ГЛАВА ДВАДЦАТЬ ПЕРВАЯ

“К: КАТАРСИС, КОНЕЦ ПУТИ, КУДА ДАЛЬШЕ”

— …i водар смачны як на радзiме, — внезапно говорит Юкосик, глядя на тишайшую португальскую реку. 

Мы поворачиваем головы на нашего друга с белорусским паспортом, а там — вместо человека, полдня стонавшего про полные ботинки боли и замену тазобедренного сустава в самом расцвете сил — видим маленького ушастого будду с сигаретой.

— Ой, что с тобой, Юкосичек? — спрашивает Женька, — неужели по родине соскучилась? по городу Жлобину? что это ты?

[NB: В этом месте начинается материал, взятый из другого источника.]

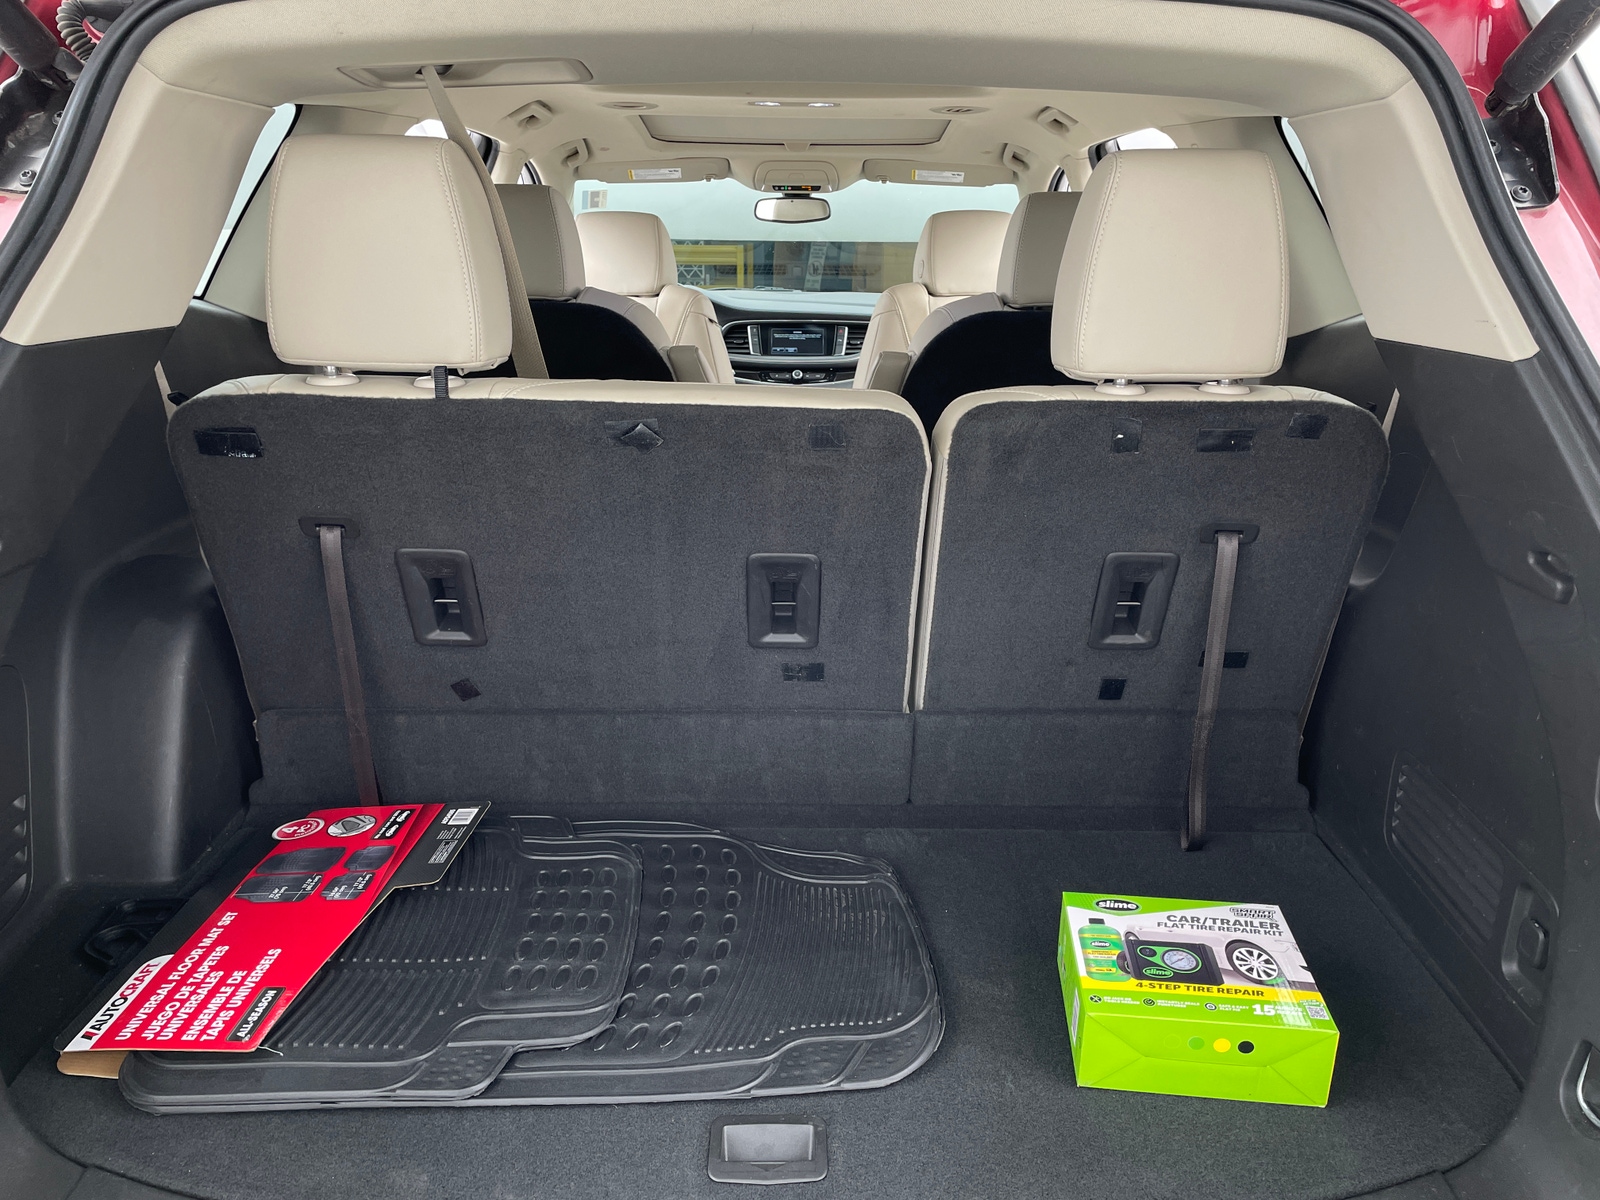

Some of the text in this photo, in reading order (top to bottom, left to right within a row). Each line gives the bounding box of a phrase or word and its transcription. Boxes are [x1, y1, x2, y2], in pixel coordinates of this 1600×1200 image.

[1098, 899, 1137, 910] slime
[1157, 921, 1186, 929] FLAT
[1188, 923, 1215, 931] TIRE
[1218, 925, 1261, 935] REPAIR
[1166, 914, 1280, 930] CAR/TRAILER
[115, 911, 238, 1040] UNIVERSAL FLOOR MAT SET
[141, 945, 229, 1040] JUEGO DE TAPETES
[200, 948, 282, 1041] TAPIS UNIVERSELS
[1136, 982, 1265, 996] 4-STEP TIRE REPAIR
[1145, 968, 1171, 976] slime
[88, 962, 161, 1033] AUTOCRAFT
[157, 971, 224, 1040] UNIVERSALES
[181, 970, 248, 1040] ENSEMBLE DE
[237, 990, 277, 1037] ALL-SEASON
[1252, 1004, 1275, 1016] 15

Юка затягивается и говорит — да вы только представьте: через неделю все это закончится, у нас наступит катарсис, потом на нас наступит Москва, привычная жизнь, холодный октябрь. И будет совершенно непонятно, как жить дальше: без ежедневной дороги, без храпа, мозолей, укусов насекомых, чужих людей, бон камино, сардинок, недосыпа и попахивающего рюкзака. 

— Я даже по болячкам и аллергии на солнце буду скучать, — говорит Юкосик, почесываясь, — даже по бубочкам!

— Не волнуйся, взамен португальских мошек да пребудет с тобой осенний московский герпес, — говорит Женька утешительно. 

И мы снова смотрим на реку, которая даже не движется.

Мы еще не пошли камино, а уже очень много обсуждали предполагаемый катарсис пилигрима в конце. Ведь каждые заметки, каждый путеводитель и каждый фильм обещали нам фейерверк чувств прямо на площади Обрадойро.

— Хотя я ни в какой катарсис не верю, — говорила Юка, — я вообще не верю, что дойду, уж извините. 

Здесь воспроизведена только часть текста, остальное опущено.